§ **YOUR GOAL**:
What you output must match the entries exactly, apart from the pictures, which are left out.

═════ GIVEN DATA

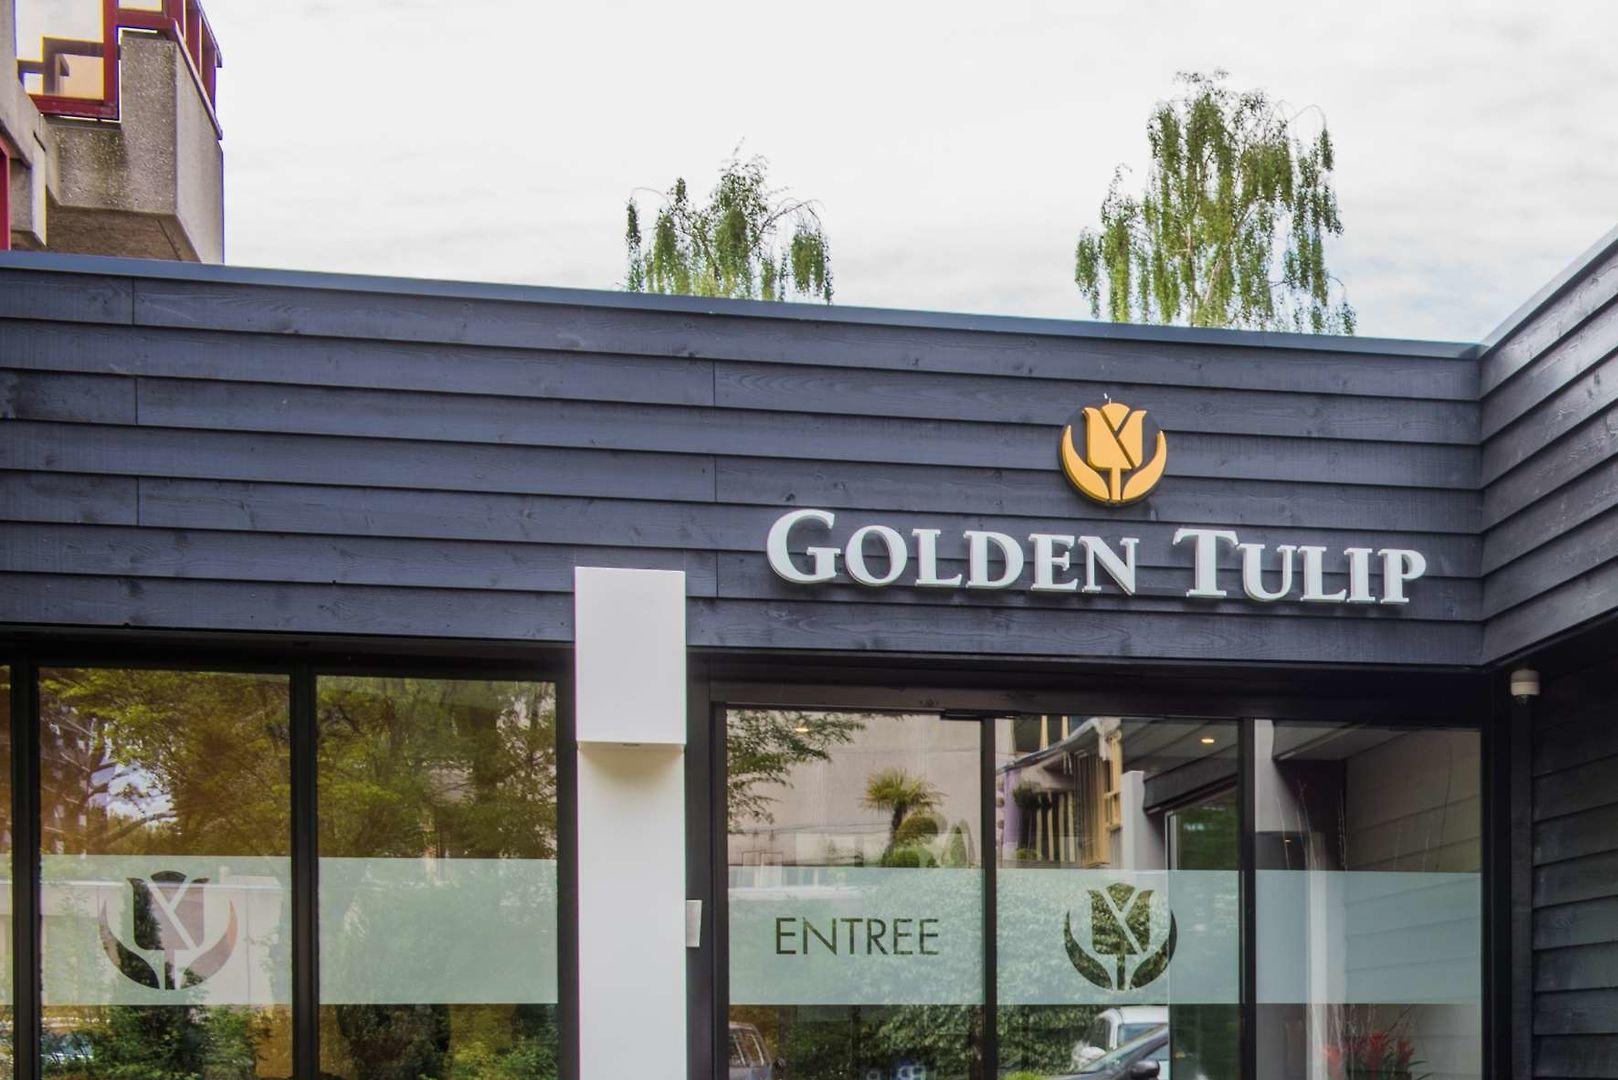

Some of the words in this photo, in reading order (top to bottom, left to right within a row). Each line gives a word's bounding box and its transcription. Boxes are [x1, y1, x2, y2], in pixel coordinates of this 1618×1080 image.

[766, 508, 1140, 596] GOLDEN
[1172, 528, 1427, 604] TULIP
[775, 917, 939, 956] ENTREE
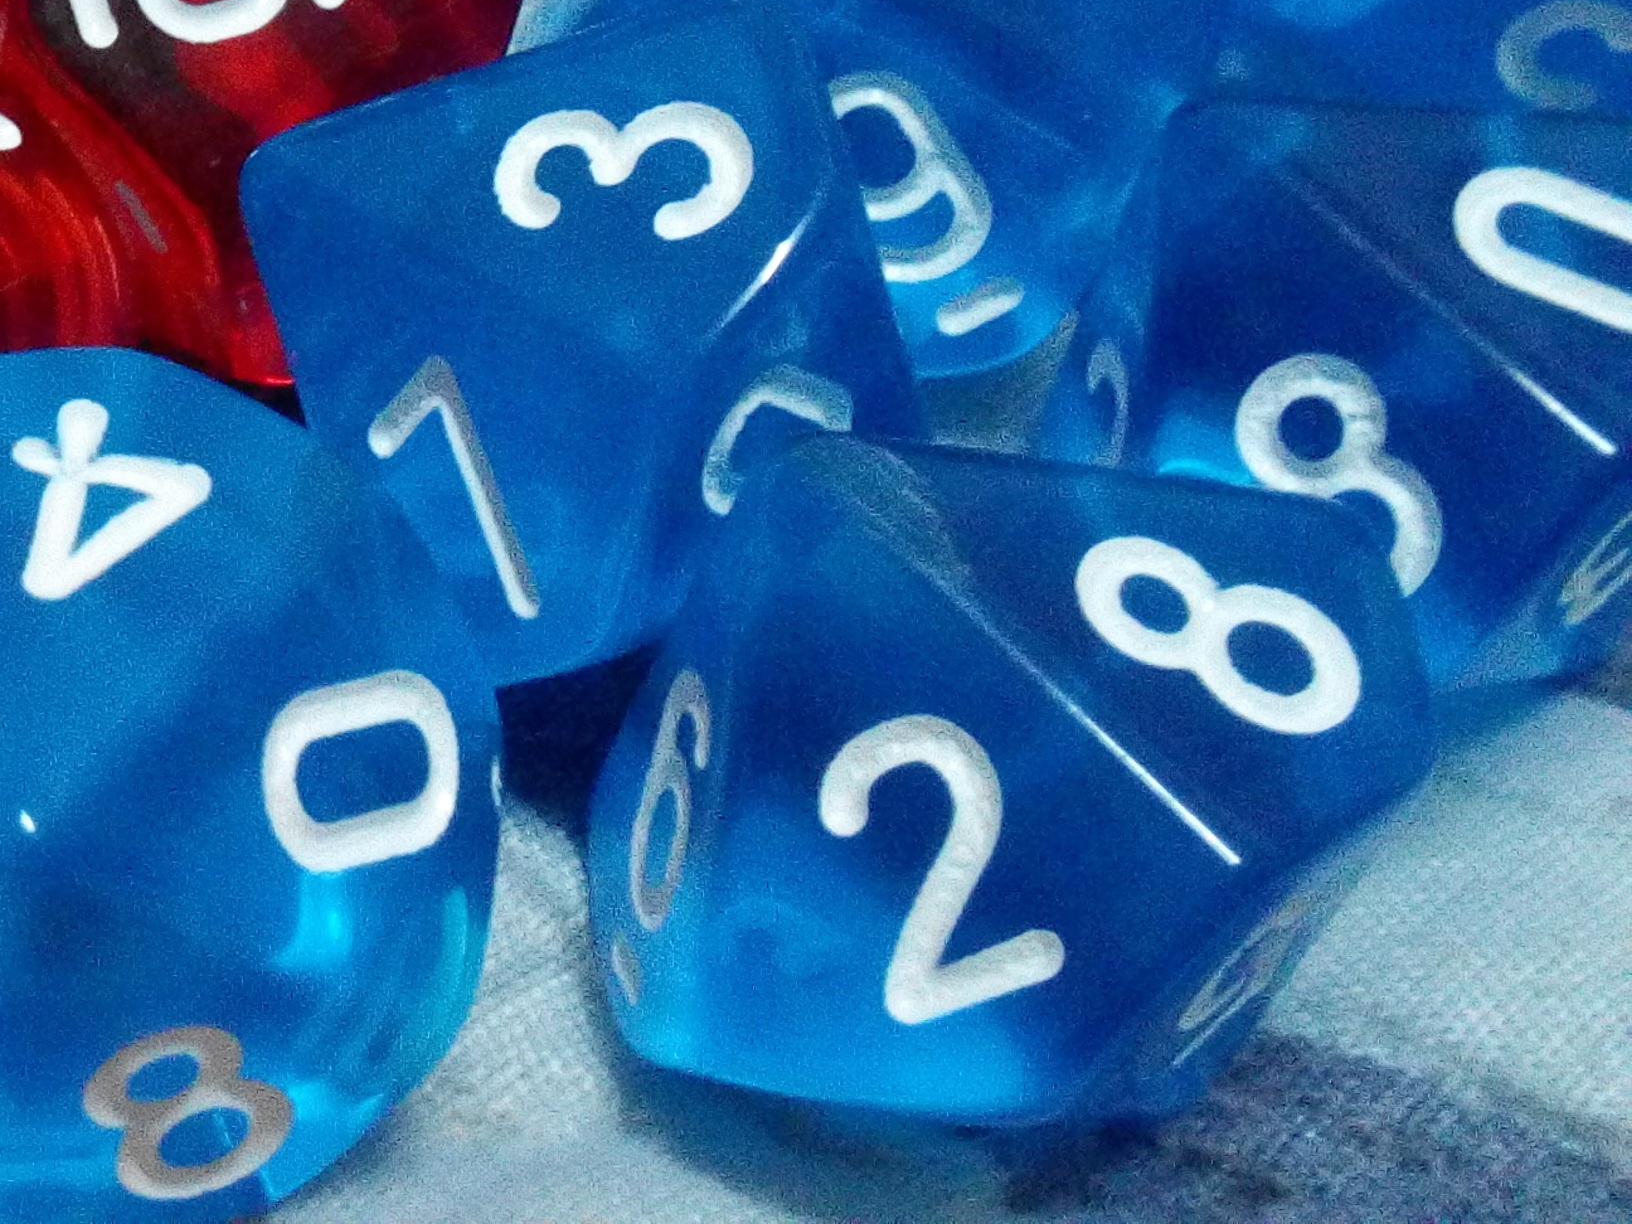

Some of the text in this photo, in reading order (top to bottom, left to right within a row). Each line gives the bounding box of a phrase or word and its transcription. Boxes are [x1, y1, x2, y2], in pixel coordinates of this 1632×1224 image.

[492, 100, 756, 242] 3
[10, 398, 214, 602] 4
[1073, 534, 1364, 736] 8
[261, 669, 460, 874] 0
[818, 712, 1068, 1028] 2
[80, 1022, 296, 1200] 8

══════════

§ **TASK RESPONSE**:
Some of the words in this photo, in reading order (top to bottom, left to right within a row). Each line gives a word's bounding box and its transcription. Boxes are [x1, y1, x2, y2], in pixel coordinates of this 1618×1080 image.

[766, 508, 1140, 596] GOLDEN
[1172, 528, 1427, 604] TULIP
[775, 917, 939, 956] ENTREE

Some of the text in this photo, in reading order (top to bottom, left to right within a row). Each line gives the bounding box of a phrase or word and its transcription. Boxes are [x1, y1, x2, y2], in pixel coordinates of this 1632×1224 image.

[492, 100, 756, 242] 3
[10, 398, 214, 602] 4
[1073, 534, 1364, 736] 8
[261, 669, 460, 874] 0
[818, 712, 1068, 1028] 2
[80, 1022, 296, 1200] 8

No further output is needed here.